- Active: January 23, 1862 – July 8, 1865
- Country: United States
- Allegiance: Union
- Branch: Union Army
- Type: Infantry
- Size: ~1,000 soldiers at organization
- Part of: Army of the Mississippi Jan. - Nov. 1862; Army of the Tennessee Nov. 1862 - Jul. 1865;
- Engagements: American Civil War; Battle of New Madrid; Battle of Island Number Ten; Siege of Corinth; Battle of Iuka; Atlanta campaign; Sherman's March to the Sea; Carolinas campaign;

Commanders
- Notable commanders: John W. Sprague; Oscar L. Jackson;

= 63rd Ohio Infantry Regiment =

The 63rd Ohio Infantry Regiment was an infantry regiment which served in the Union Army during the American Civil War. It was a part of the Union forces in the Western Theater of operations.

==Organization==
The original 63rd Ohio Infantry Regiment was organized on December 1, 1861, at Camp Worthington in Columbus and at Camp Marietta in Marietta, but only enough men were available to fill four companies. Hence, the 63rd was not officially designated as a regiment.

The 63rd Ohio Infantry was organized January 23, 1862, in Marietta, Ohio, by consolidation of a battalion of the 22nd Ohio Infantry Regiment and the four companies originally raised for the 63rd Ohio Infantry Regiment. Governor David Tod appointed John W. Sprague as the regiment's colonel. Its ten individual companies had been raised in southern Ohio.

==Service history==

The regiment immediately took the field and joined Major General John Pope in Missouri. At New Madrid, the 63rd was brigaded with other Ohio regiments in what became known as the Ohio Brigade.
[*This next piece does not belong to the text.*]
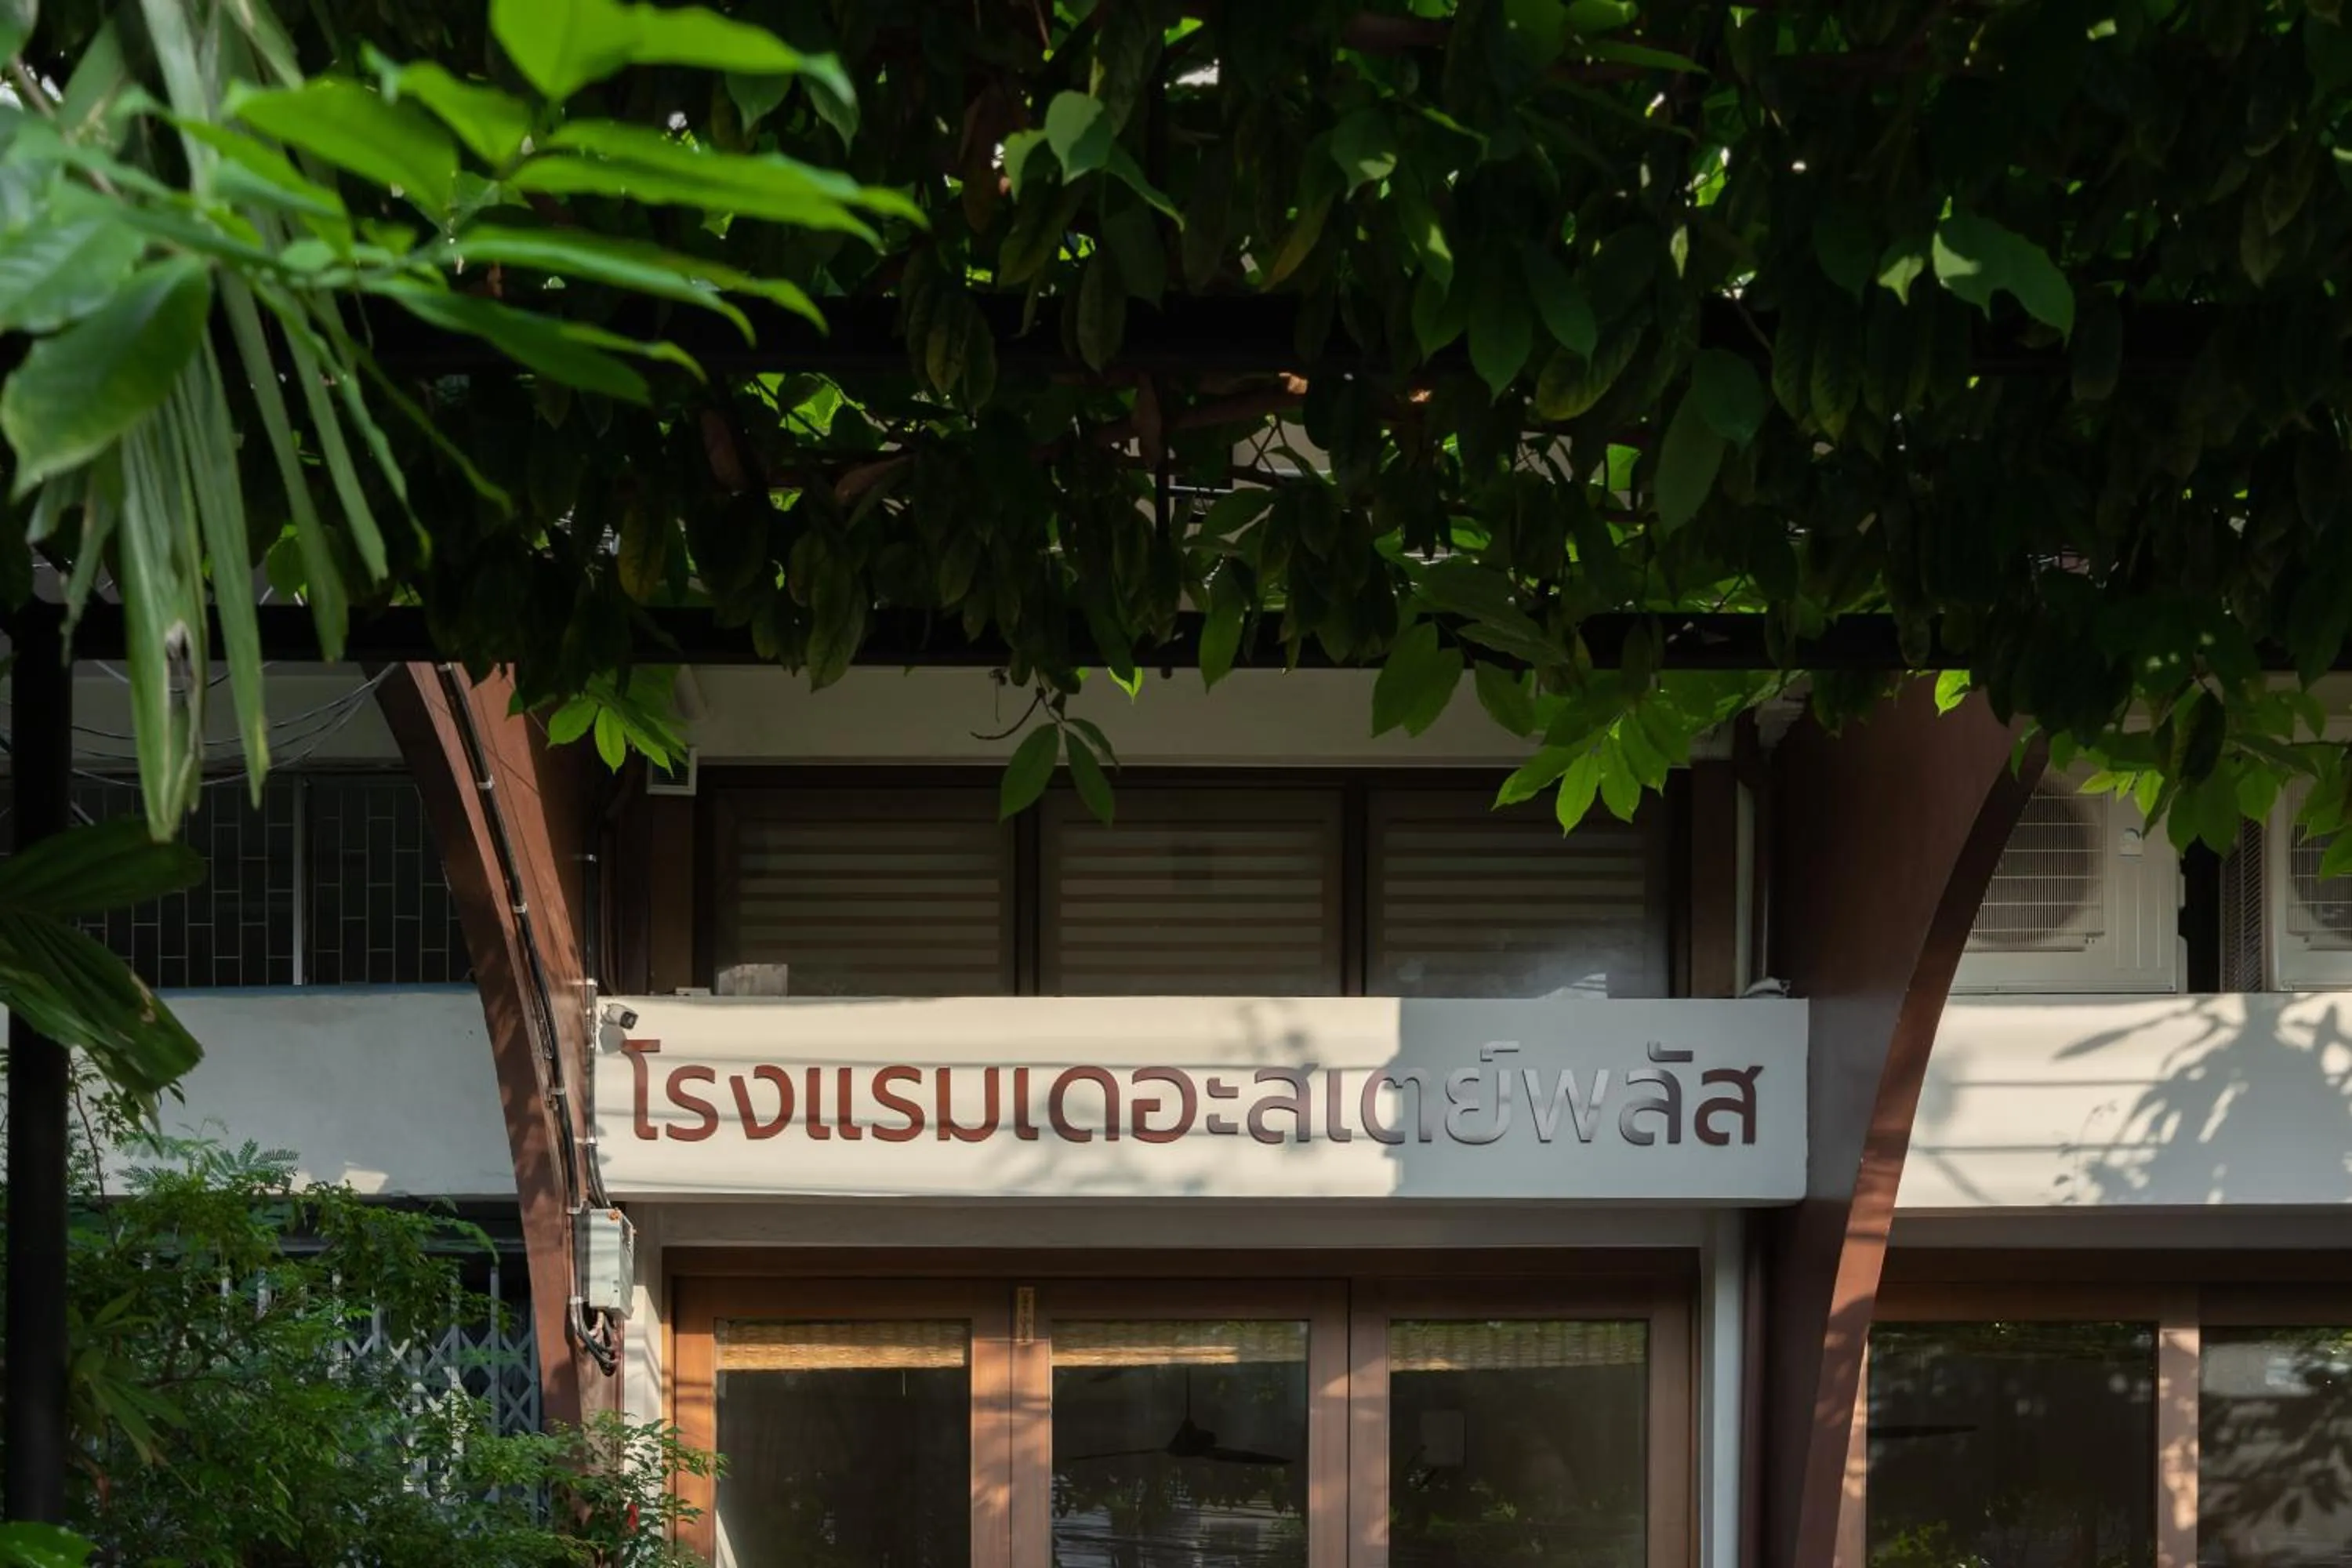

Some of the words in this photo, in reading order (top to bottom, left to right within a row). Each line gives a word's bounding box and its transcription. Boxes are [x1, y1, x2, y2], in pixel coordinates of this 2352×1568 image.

[621, 1039, 1764, 1145] โรงแรมเดอะสเตย์พลัส
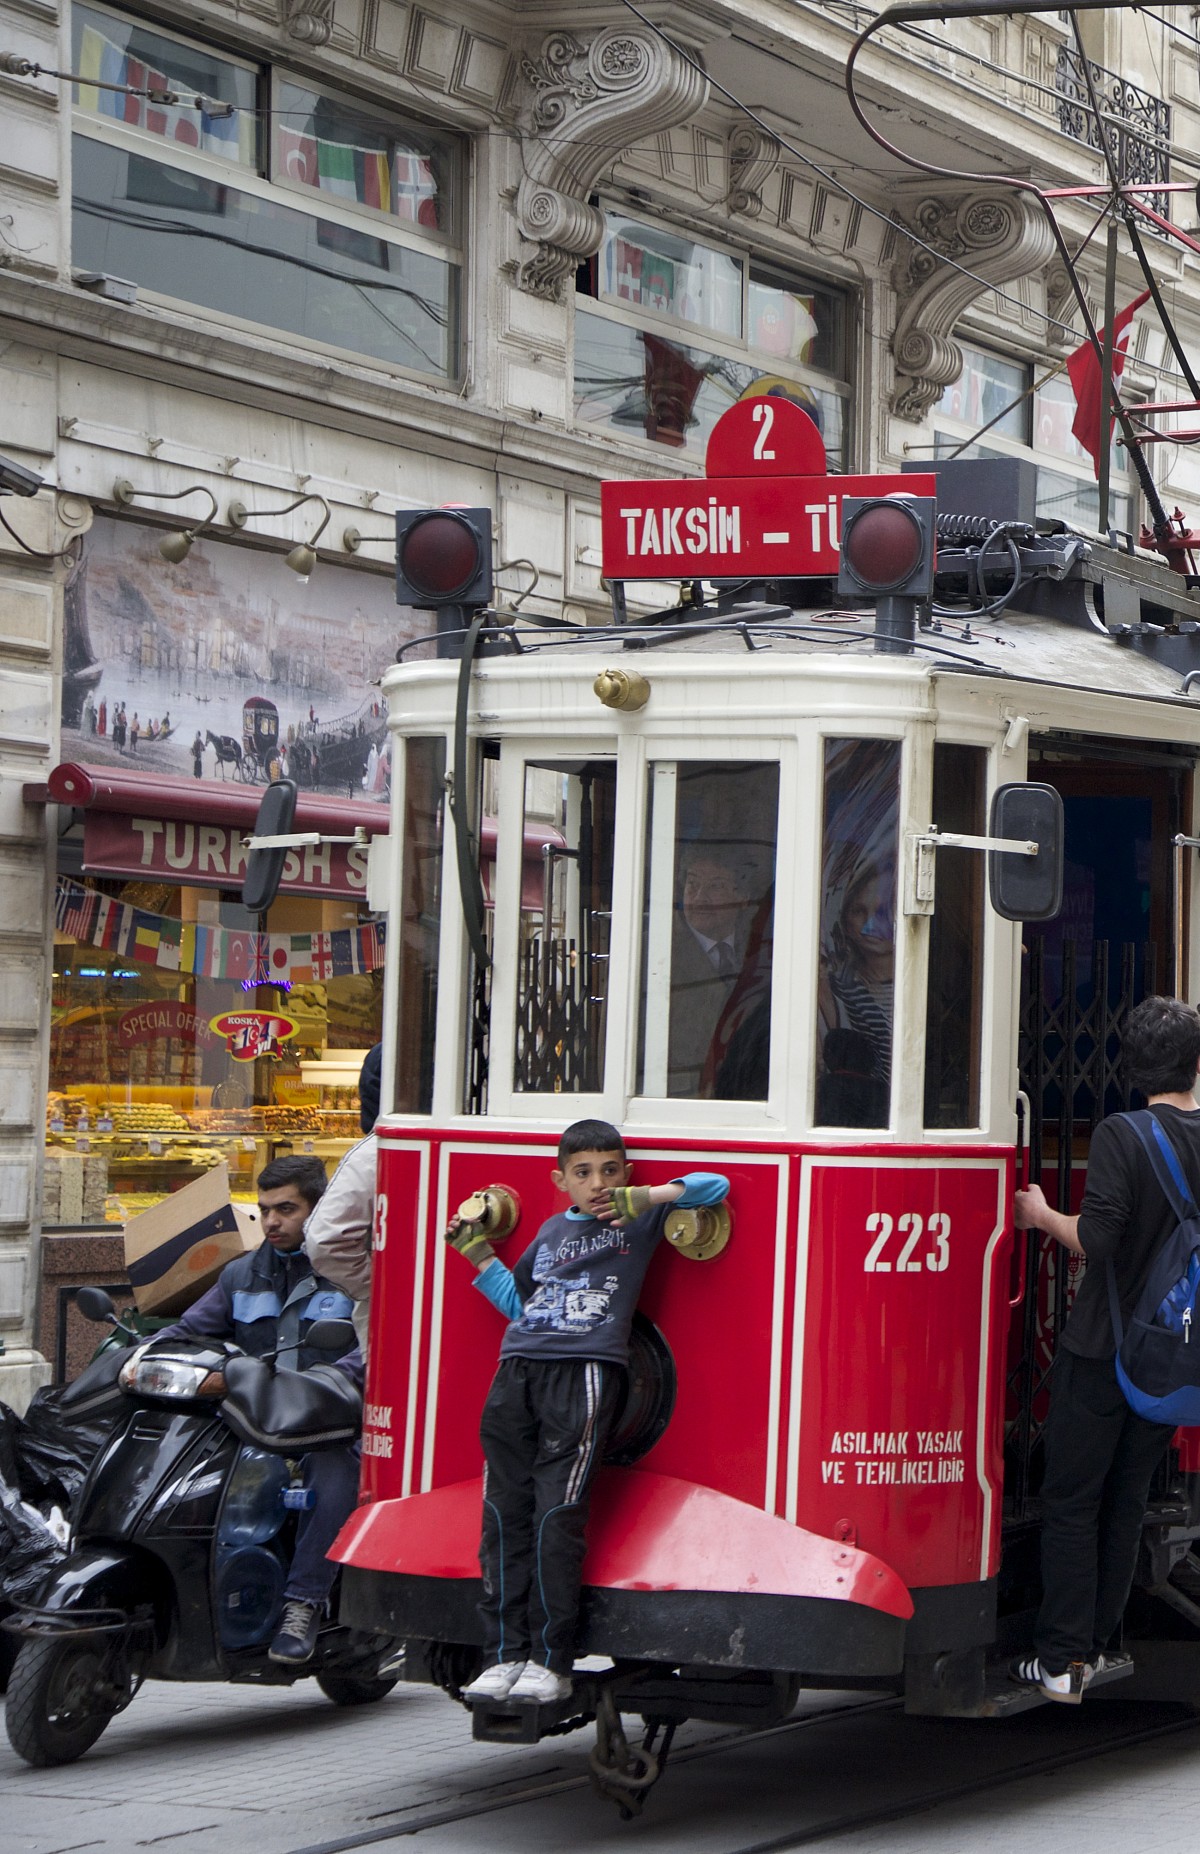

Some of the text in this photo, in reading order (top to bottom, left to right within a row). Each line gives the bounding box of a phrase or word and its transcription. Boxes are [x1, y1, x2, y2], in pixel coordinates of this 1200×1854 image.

It took part in all the operations resulting in the surrender of Island No. 10.

In April 1862, the 63rd Ohio Infantry joined Maj. Gen. Henry Halleck's forces near Corinth, Mississippi. After the evacuation, it operated in Northern Alabama, and participated in the battles of Iuka and Corinth in the army of William S. Rosecrans. Colonel Sprague was promoted to brigadier general, and Oscar L. Jackson assumed command of the regiment.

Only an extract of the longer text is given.